In contrast to cisgender women, breast cancer is extremely rare in men and transgender women treated with estrogens and/or progestogens, and gynecomastia or breast development in such individuals does not appear to be associated with an increased risk of breast cancer.^[85]^[86]^[87]^[88] Likewise, breast cancer has never been reported in women with complete androgen insensitivity syndrome, who similarly have a male genotype (46,XY), in spite of the fact that these women have well-developed breasts.^[89]^[90] The reasons for these differences are unknown. However, the dramatically increased risk of breast cancer (20- to 58-fold) in men with Klinefelter's syndrome, who have somewhat of a hybrid of a male and a female genotype (47,XXY), suggests that it may have to do with the sex chromosomes.^[88]^[91]^[92]

Cholestatic hepatotoxicity

Estrogens, along with progesterone, can rarely cause cholestatic hepatotoxicity, particularly at very high concentrations.^[93]^[94]^[95] This is seen in intrahepatic cholestasis of pregnancy, which occurs in 0.4 to 15% of pregnancies (highly variable depending on the country).^[96]^[97]^[98]^[99]

Gallbladder disease

Estrogen therapy has been associated with gallbladder disease, including risk of gallstone formation.^[100]^[101]^[102]^[103] A 2017 systematic review and meta-analysis found that menopausal hormone therapy significantly increased the risk of gallstones ({{abbr|RR|relative risk}} = 1.79) while oral contraceptives did not significantly increase the risk ({{abbr|RR|relative risk}} = 1.19).^[103] Biliary sludge appears in 5 to 30% of women during pregnancy, and definitive gallstones persisting postpartum become established in approximately 5%.^[104]

Overdose

Estrogens are relatively safe in overdose and symptoms manifest mainly as reversible feminization.

Interactions

Inducers of cytochrome P450 enzymes like carbamazepine and phenytoin can accelerate the metabolism of estrogens and thereby decrease their bioavailability and circulating levels.

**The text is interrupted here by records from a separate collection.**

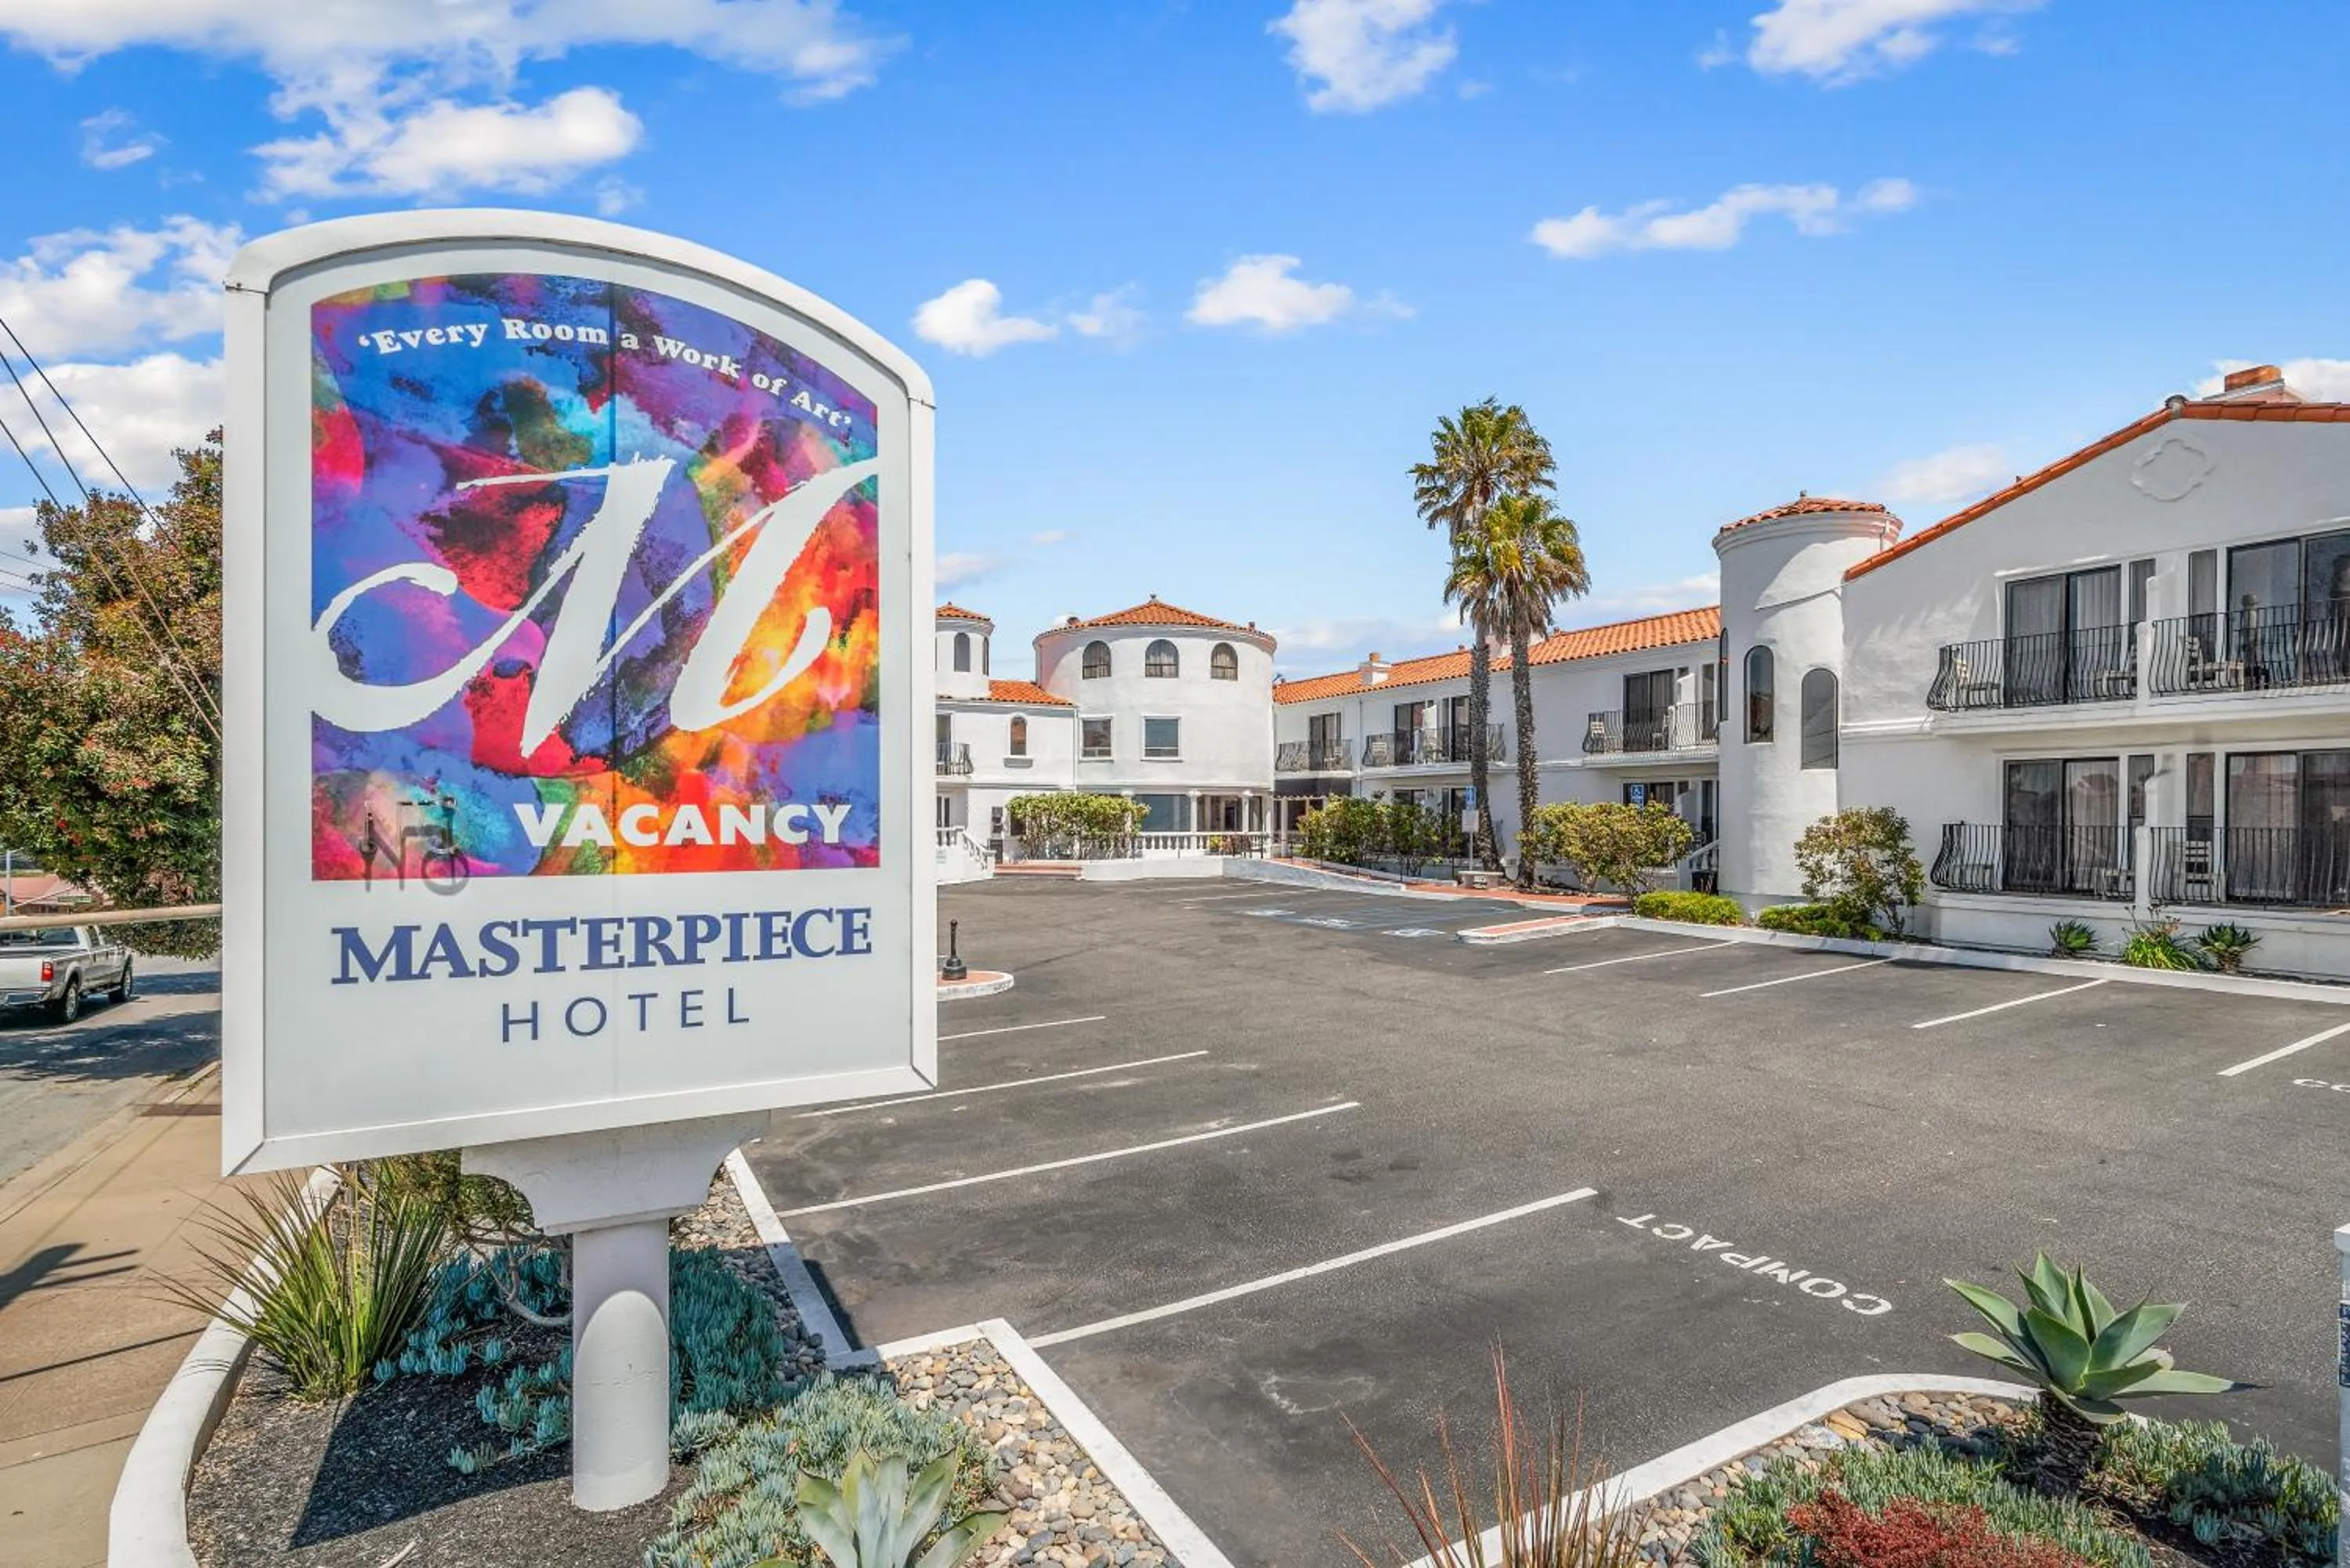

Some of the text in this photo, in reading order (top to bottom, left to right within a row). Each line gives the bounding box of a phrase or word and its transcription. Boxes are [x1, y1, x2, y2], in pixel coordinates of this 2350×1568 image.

[503, 317, 609, 345] Room
[622, 332, 639, 349] a
[652, 336, 741, 378] Work
[752, 371, 787, 394] of
[513, 804, 851, 847] VACANCY
[331, 907, 872, 985] MASTERPIECE
[501, 987, 750, 1042] HOTEL
[1616, 1213, 1892, 1315] COMPACT

Inhibitors of such enzymes can have the opposite effect and can increase estrogen levels and bioavailability.

Pharmacology

Pharmacodynamics

Estrogens act as selective agonists of the estrogen receptors (ERs), the ERα and the ERβ. They may also bind to and activate membrane estrogen receptors (mERs) such as the GPER. Estrogens do not have off-target activity at other steroid hormone receptors such as the androgen, progesterone, glucocorticoid, or mineralocorticoid receptors, nor do they have neurosteroid activity by interacting with neurotransmitter receptors, unlike various progestogens and some other steroids. Given by subcutaneous injection in mice, estradiol is about 10-fold more potent than estrone and about 100-fold more potent than estriol.^[105]

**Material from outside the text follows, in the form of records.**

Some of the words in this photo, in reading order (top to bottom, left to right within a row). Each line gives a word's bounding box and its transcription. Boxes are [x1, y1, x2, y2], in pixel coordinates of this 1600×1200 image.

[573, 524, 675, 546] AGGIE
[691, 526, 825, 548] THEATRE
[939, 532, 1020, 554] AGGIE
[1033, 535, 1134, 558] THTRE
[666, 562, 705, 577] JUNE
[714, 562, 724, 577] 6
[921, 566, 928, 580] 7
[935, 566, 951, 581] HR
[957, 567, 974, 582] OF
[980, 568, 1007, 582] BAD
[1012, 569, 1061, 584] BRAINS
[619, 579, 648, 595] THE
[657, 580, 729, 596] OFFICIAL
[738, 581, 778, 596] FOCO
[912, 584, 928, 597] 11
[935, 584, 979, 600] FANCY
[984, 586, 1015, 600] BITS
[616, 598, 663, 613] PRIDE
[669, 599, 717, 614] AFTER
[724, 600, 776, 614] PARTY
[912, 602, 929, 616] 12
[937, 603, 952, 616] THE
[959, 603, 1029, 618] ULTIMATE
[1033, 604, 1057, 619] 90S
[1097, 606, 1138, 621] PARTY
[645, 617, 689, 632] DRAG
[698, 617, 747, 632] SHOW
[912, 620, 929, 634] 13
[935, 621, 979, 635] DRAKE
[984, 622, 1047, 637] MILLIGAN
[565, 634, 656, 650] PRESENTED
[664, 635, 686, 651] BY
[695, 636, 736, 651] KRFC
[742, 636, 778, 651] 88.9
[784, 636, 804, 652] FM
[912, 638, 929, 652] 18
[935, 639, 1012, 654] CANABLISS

Estrogens have antigonadotropic effects at sufficiently high concentrations via activation of the ER and hence can suppress the hypothalamic–pituitary–gonadal axis. This is caused by negatively feedback, resulting in a suppression in secretion and decreased circulating levels of follicle-stimulating hormone (FSH) and luteinizing hormone (LH). The antigonadotropic effects of estrogens interfere with fertility and gonadal sex hormone production. They are responsible for the hormonal contraceptive effects of estrogens. In addition, they allow estrogens to act as functional antiandrogens by suppressing gonadal testosterone production. At sufficiently high doses, estrogens are able to suppress testosterone levels into the castrate range in men.^[106]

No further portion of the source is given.